### Your objective
Leaving out the pictures, write the following records exactly as they read.

### Material provided
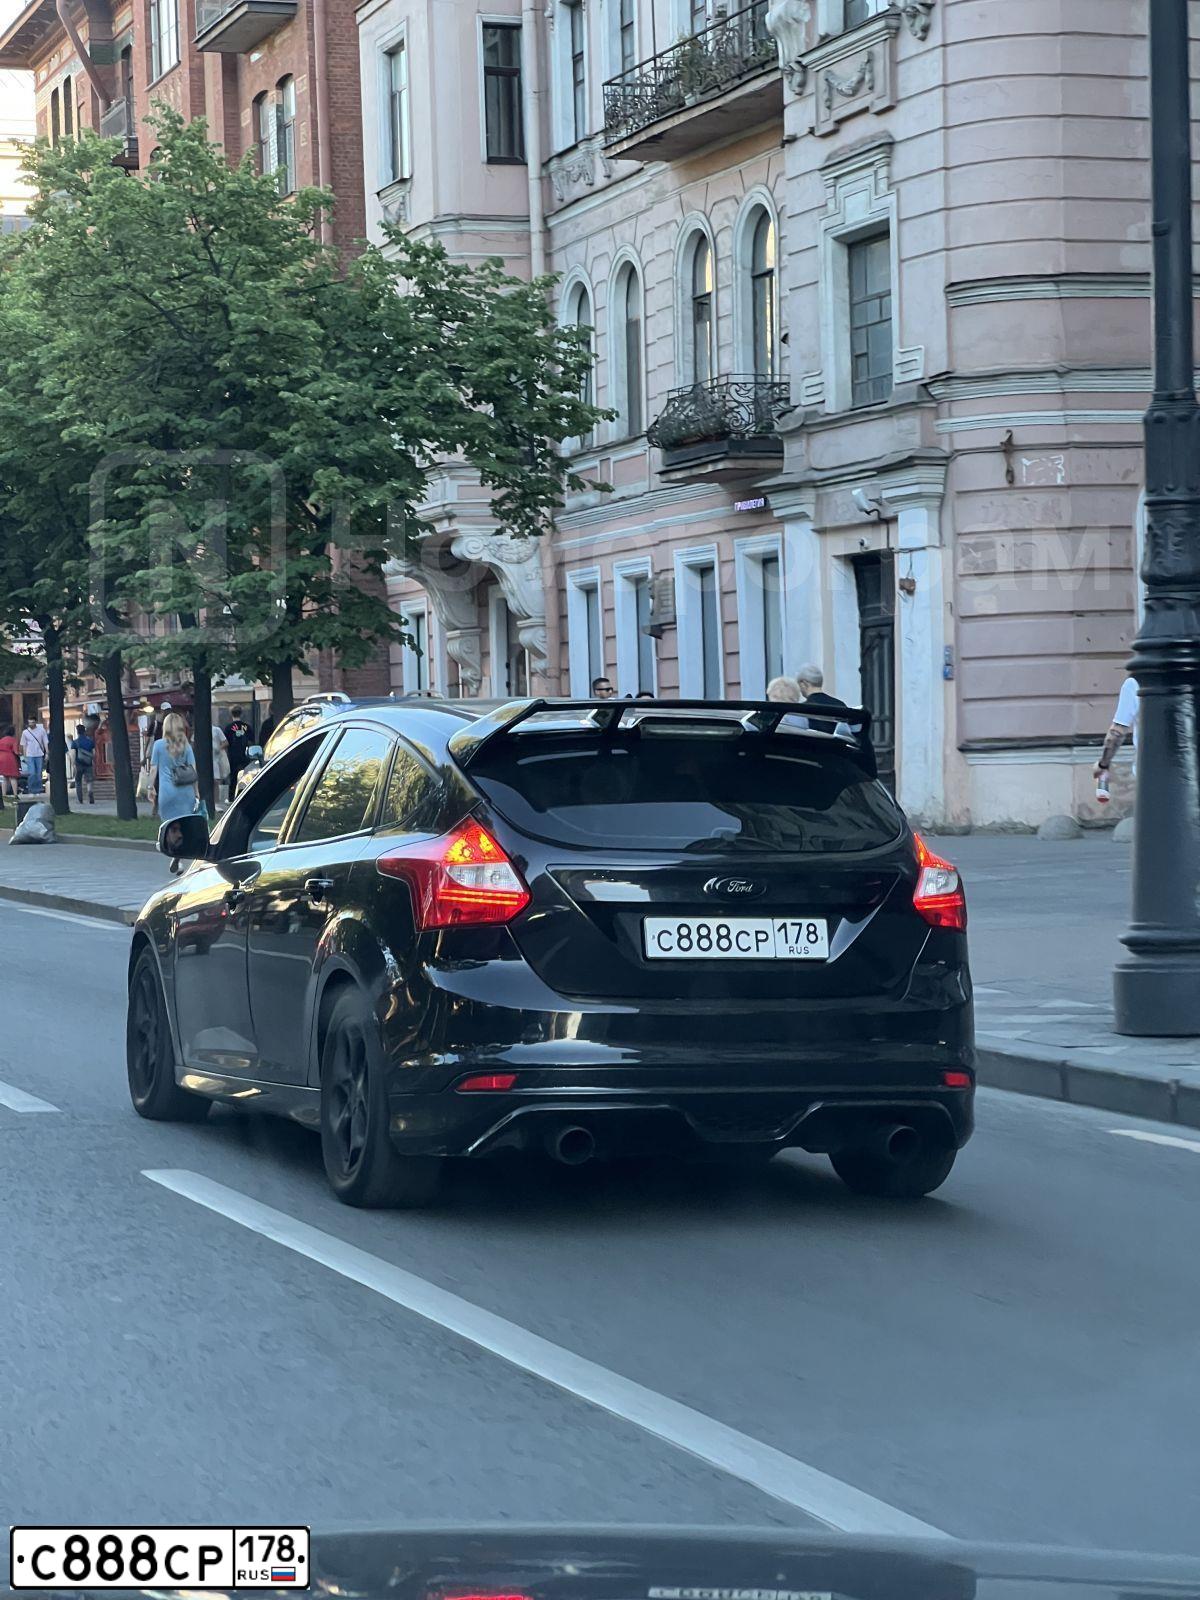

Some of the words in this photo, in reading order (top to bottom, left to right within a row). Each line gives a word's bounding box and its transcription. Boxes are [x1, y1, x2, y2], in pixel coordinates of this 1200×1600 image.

[727, 880, 753, 893] Ford
[776, 922, 819, 945] 178
[788, 946, 810, 955] RUS
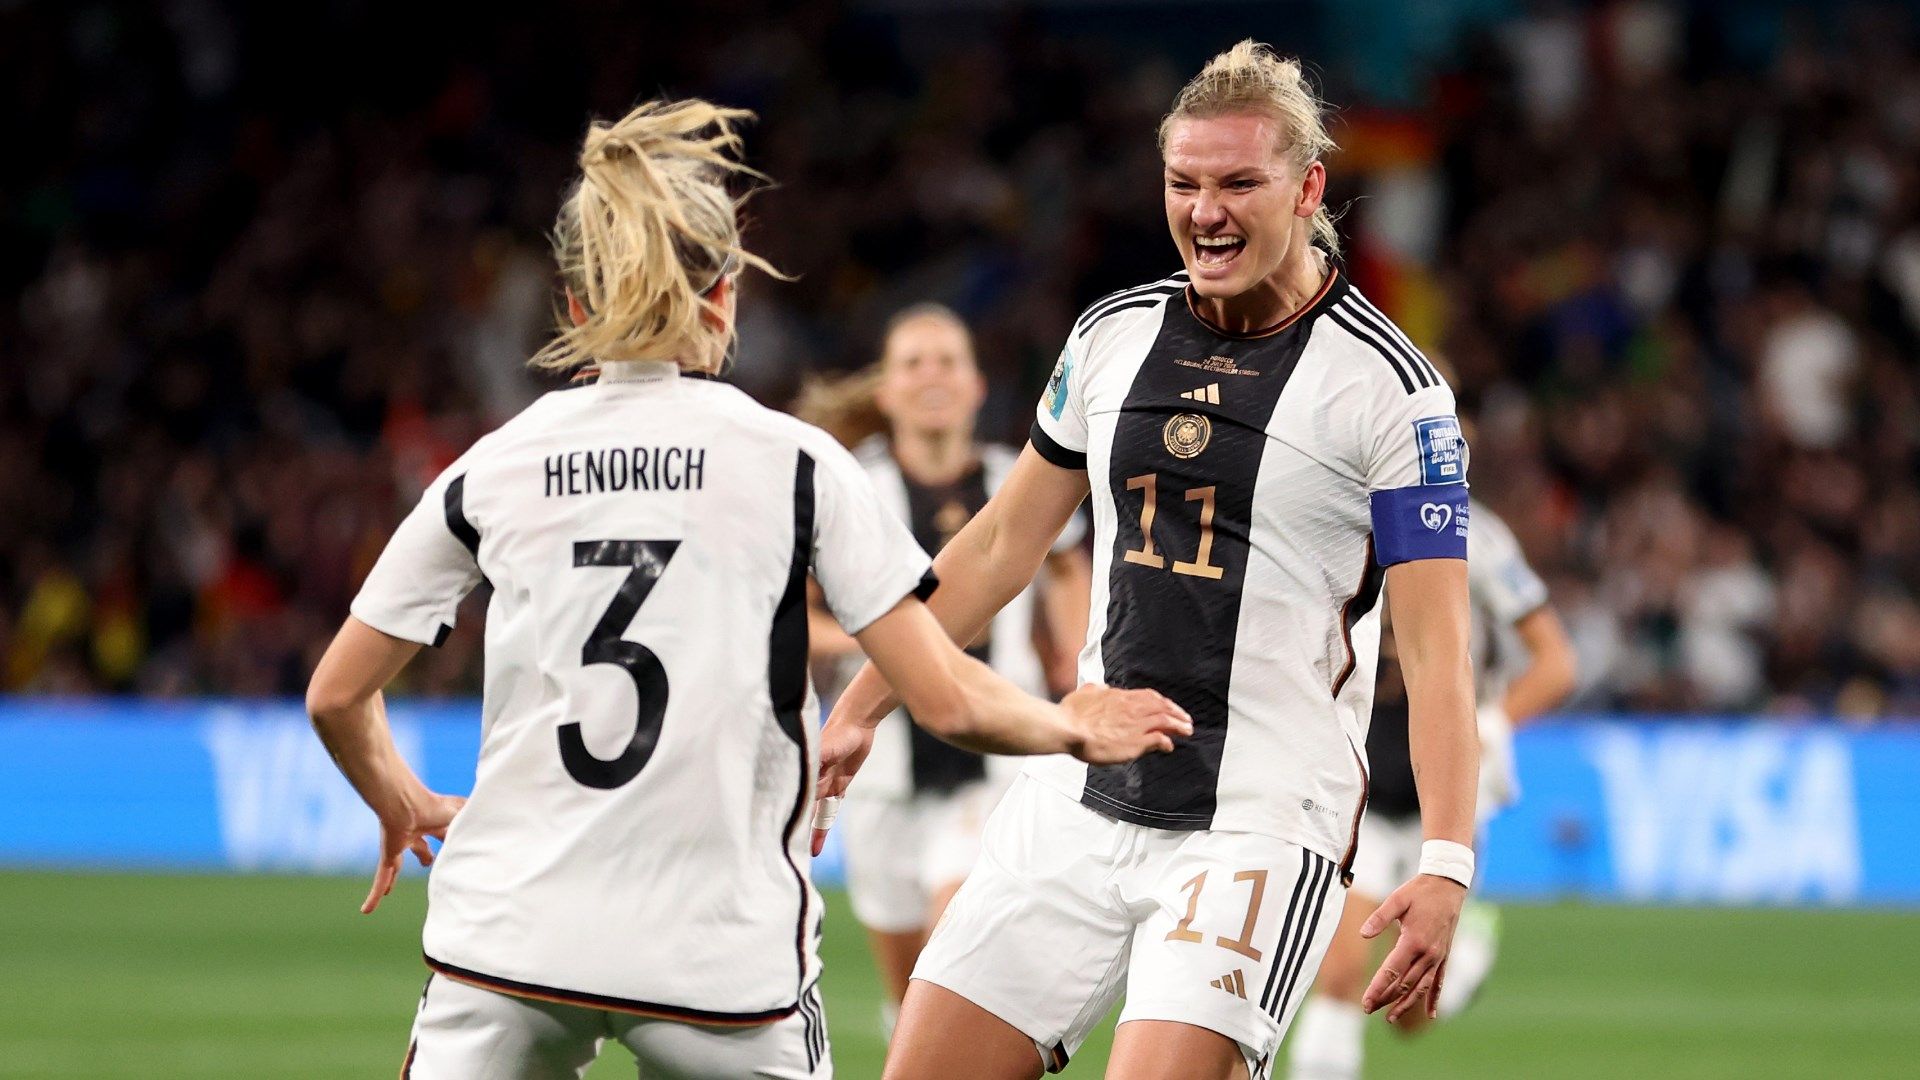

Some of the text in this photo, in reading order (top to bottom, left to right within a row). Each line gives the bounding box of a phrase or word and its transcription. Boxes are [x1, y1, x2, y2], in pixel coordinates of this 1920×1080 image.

[545, 447, 706, 497] HENDRICH
[1124, 473, 1223, 580] 11
[557, 540, 683, 790] 3
[1592, 727, 1860, 900] VISA
[1164, 869, 1268, 963] 11

### Answer box
Some of the words in this photo, in reading order (top to bottom, left to right within a row). Each line gives a word's bounding box and its transcription. Boxes are [x1, y1, x2, y2], in pixel coordinates of this 1200×1600 image.

[727, 880, 753, 893] Ford
[776, 922, 819, 945] 178
[788, 946, 810, 955] RUS

Some of the text in this photo, in reading order (top to bottom, left to right within a row). Each line gives the bounding box of a phrase or word and its transcription. Boxes are [x1, y1, x2, y2], in pixel coordinates of this 1920×1080 image.

[545, 447, 706, 497] HENDRICH
[1124, 473, 1223, 580] 11
[557, 540, 683, 790] 3
[1592, 727, 1860, 900] VISA
[1164, 869, 1268, 963] 11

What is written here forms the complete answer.